As a professor at Michigan State, Williams focused on teaching teachers, as research shows elementary teachers aren’t always confident in their science and math instruction. “As a teacher, it’s easiest to learn by seeing and doing,” says Melissa Shockley, Williams’ former undergraduate student teacher who now teaches first grade in Charleston, South Carolina. “She modeled for us how you teach science to little ones, how you make it fun and hands-on.”
At Michigan State, Williams picked up major grants in science education and prestigious honors — including a National Science Foundation CAREER award — and had her daughter, Jada, while putting off her business idea. She watched with dismay as American students continued to fall further behind the rest of the world in STEM education. In 2014, she finally made the leap — leaving a tenured position and $375,000 in remaining grant money on the table to focus on her company. “I just couldn’t take it anymore,” she says. “Our kids are falling behind in science.”
Williams relocated her family to the Bay Area and set out to build her team. With the area’s tech giants doling out large salaries, it was hard to convince engineers to work for equity, so “I ended up putting my own skin in the game,” Williams says — $160,000, to be precise.
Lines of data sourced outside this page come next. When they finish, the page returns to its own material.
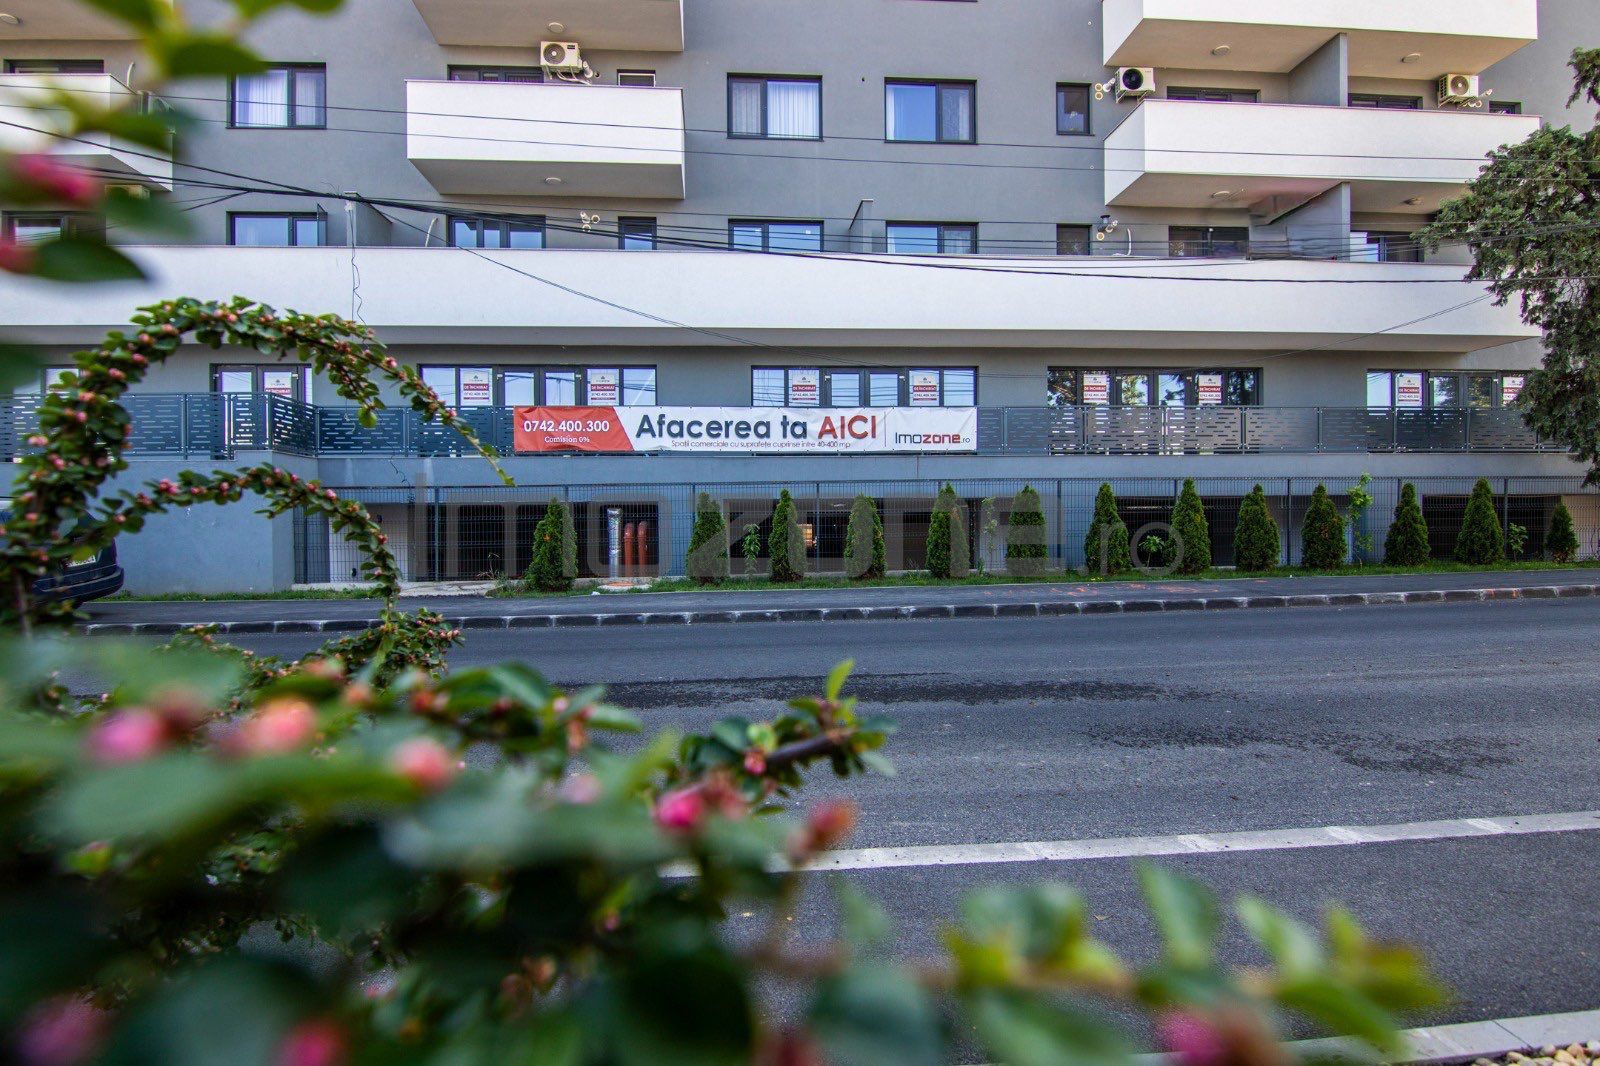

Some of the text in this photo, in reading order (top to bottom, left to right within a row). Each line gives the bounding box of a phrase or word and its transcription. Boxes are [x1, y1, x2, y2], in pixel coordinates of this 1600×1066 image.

[523, 420, 610, 432] 0742.400.300
[635, 414, 876, 439] Afacerea ta AICI
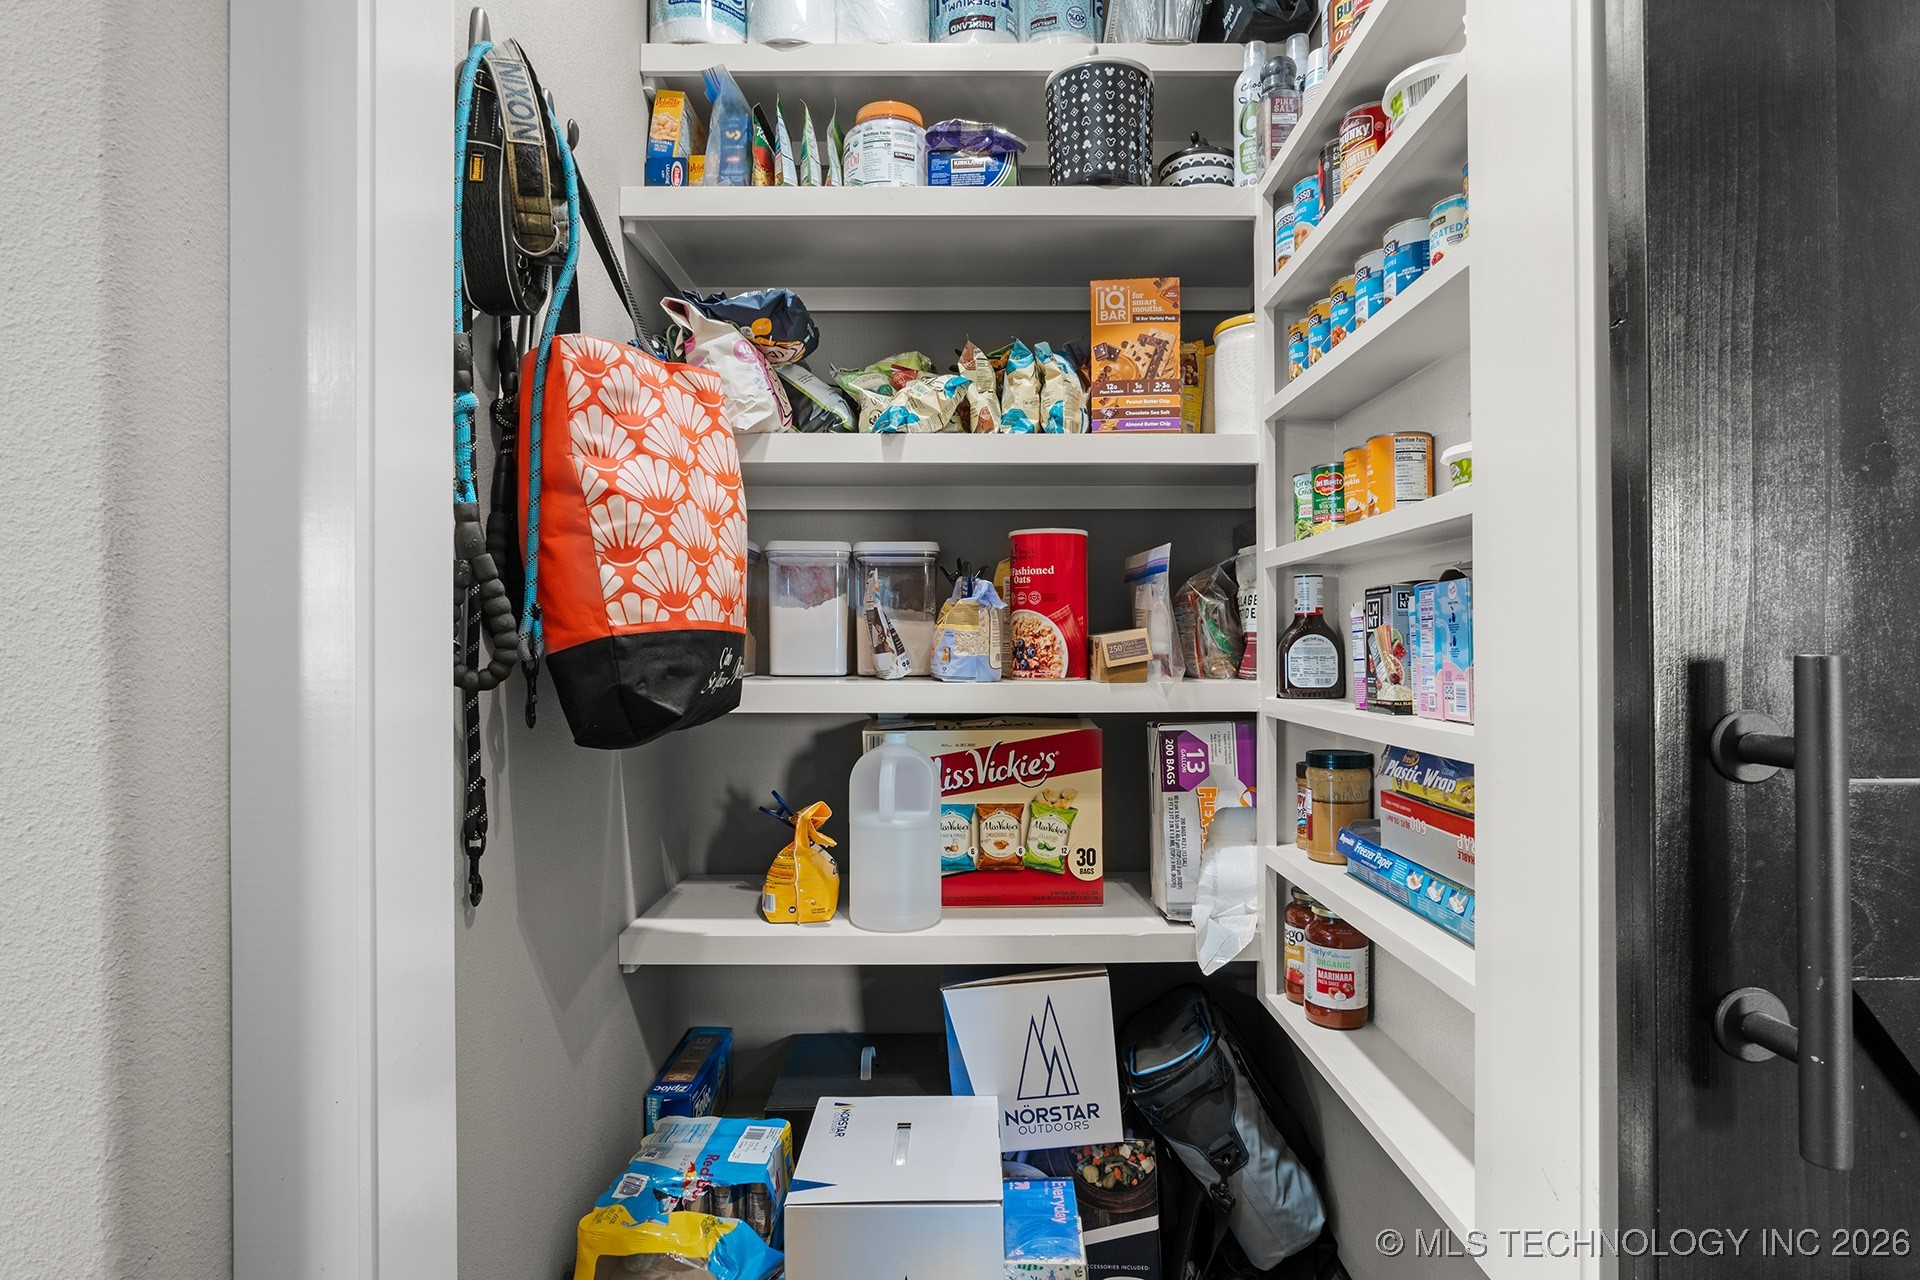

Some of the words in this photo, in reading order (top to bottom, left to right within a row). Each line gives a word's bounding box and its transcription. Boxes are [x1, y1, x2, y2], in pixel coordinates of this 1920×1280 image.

[950, 19, 994, 34] KIRKLAND
[498, 62, 540, 142] NIXON
[1274, 105, 1295, 113] SALT
[1100, 291, 1125, 310] IQ
[1132, 305, 1165, 313] mouths.
[1100, 310, 1127, 321] BAR
[1012, 565, 1055, 576] Fashioned
[1013, 576, 1031, 584] Oats
[1108, 644, 1123, 654] 250
[1165, 739, 1175, 758] 200
[965, 740, 1057, 788] Vickie's
[1187, 748, 1206, 774] 13
[1166, 758, 1176, 785] BAGS
[1384, 759, 1423, 783] Plastic
[1422, 768, 1457, 794] Wrap
[1410, 816, 1427, 835] 600
[1076, 848, 1097, 867] 30
[1354, 841, 1377, 860] Freezer
[1374, 851, 1393, 869] Paper
[1316, 958, 1351, 969] ORGANIC
[1317, 970, 1353, 982] MARINARA
[653, 1084, 688, 1093] Ziploc
[1004, 1103, 1100, 1126] NÖRSTAR
[1018, 1120, 1090, 1135] OUTDOORS
[700, 1154, 720, 1178] Red
[1050, 1180, 1070, 1224] Everyday
And she worked connections. The nephew of a former teaching colleague came on as her data scientist. Linn, her Ph.D. adviser at Berkeley, agreed to be an adviser. John Butler, one of Williams’ professors at UT Austin, was one of her angel investors.
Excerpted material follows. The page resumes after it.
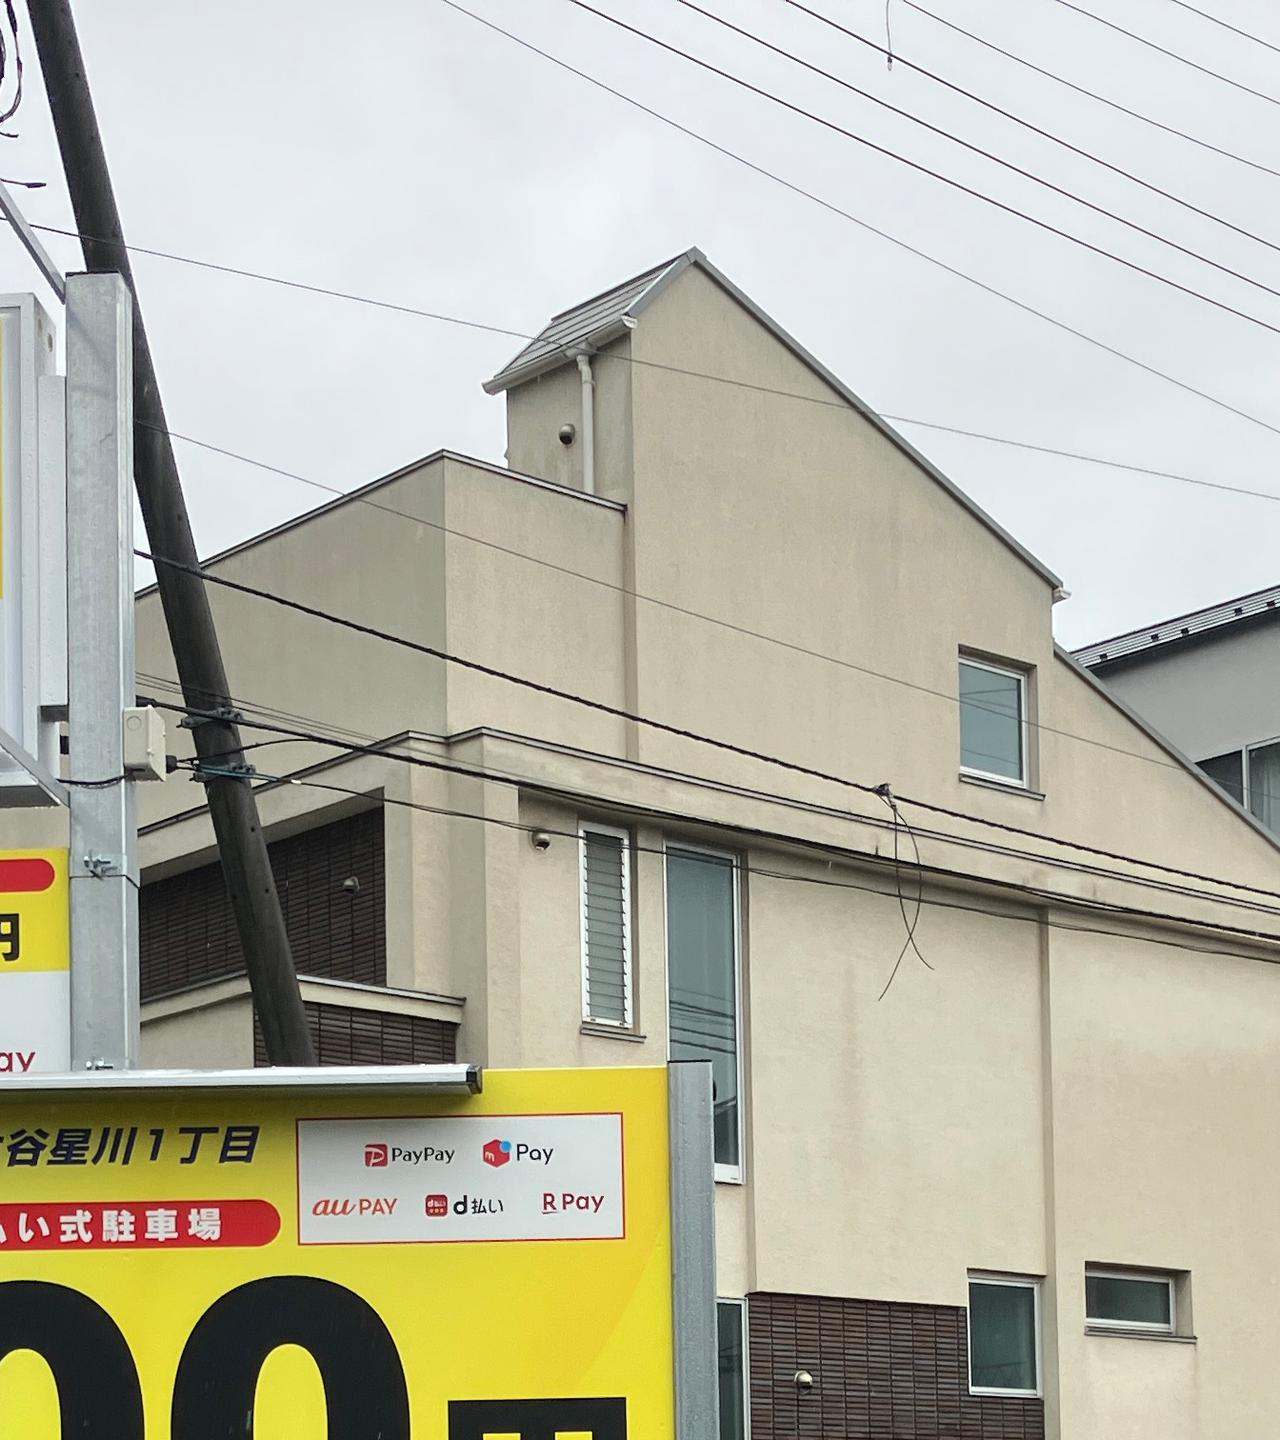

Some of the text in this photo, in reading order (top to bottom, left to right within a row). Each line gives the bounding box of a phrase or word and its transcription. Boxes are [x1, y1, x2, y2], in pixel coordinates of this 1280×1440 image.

How is Williams Learning Solutions disrupting education? The company, which developed a proprietary algorithm, takes a conceptual, holistic approach to learning. “The best teachers in the world can only do so much when they’re given 25 to 30 pupils,” Williams explains. She and her team tailor the technology to the individual student, and the algorithm changes along the way — eschewing common techniques like problem sets and PDFs.
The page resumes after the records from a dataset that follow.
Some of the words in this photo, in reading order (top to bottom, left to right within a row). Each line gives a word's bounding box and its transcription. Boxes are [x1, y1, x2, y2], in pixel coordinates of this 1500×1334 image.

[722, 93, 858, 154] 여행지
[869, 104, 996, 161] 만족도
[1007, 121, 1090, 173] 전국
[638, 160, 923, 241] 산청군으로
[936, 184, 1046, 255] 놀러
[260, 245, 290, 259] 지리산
The first product on the software as a service-based global learning platform, which is compatible with iOS and Android devices and browser-based software, focuses on ecology. Students must make choices to restore stability in a monarch butterfly habitat, adjusting the numbers of monarchs, field mice and owls. The product — called Eco Challenge — tracks each child’s learning and redirects the student immediately if he or she is failing rather than waiting until the end of the project. The first app release, set for early November, is designed for children from kindergarten through second grade in public, private, charter and home schools, and will be sold at a flat rate, likely $1 to $2 per pupil. After that, the company hopes to move to a subscription model as it builds out the world, aiming to cover K-12 in life, physical and earth sciences.
The business model faces considerable challenges. Consumers don’t want to pay a lot for supplemental learning. And educators and parents are wary of children having too much screen time. To assuage such fears, lessons can be broken up into smaller parts, and student and educator can choose to take more time. The product will also offer core content, to help stand out in a STEM education space that includes competitors DreamBox Learning and Khan Academy.
So far, Williams is thrilled by the response from educators and testers — including 9-year-old Jada, who loves science. Amy Popek, a former undergraduate student of Williams’, is now one of the company’s teaching partners, testing the product with her students at Greyhound Intermediate School in Eaton Rapids, Michigan. “The observations students made while interacting with the app showed they were using their scientific thinking to solve the problem at hand,” Popek says. “Many students asked to play during free choice time!”
And with each tap, America’s science deficit shrinks.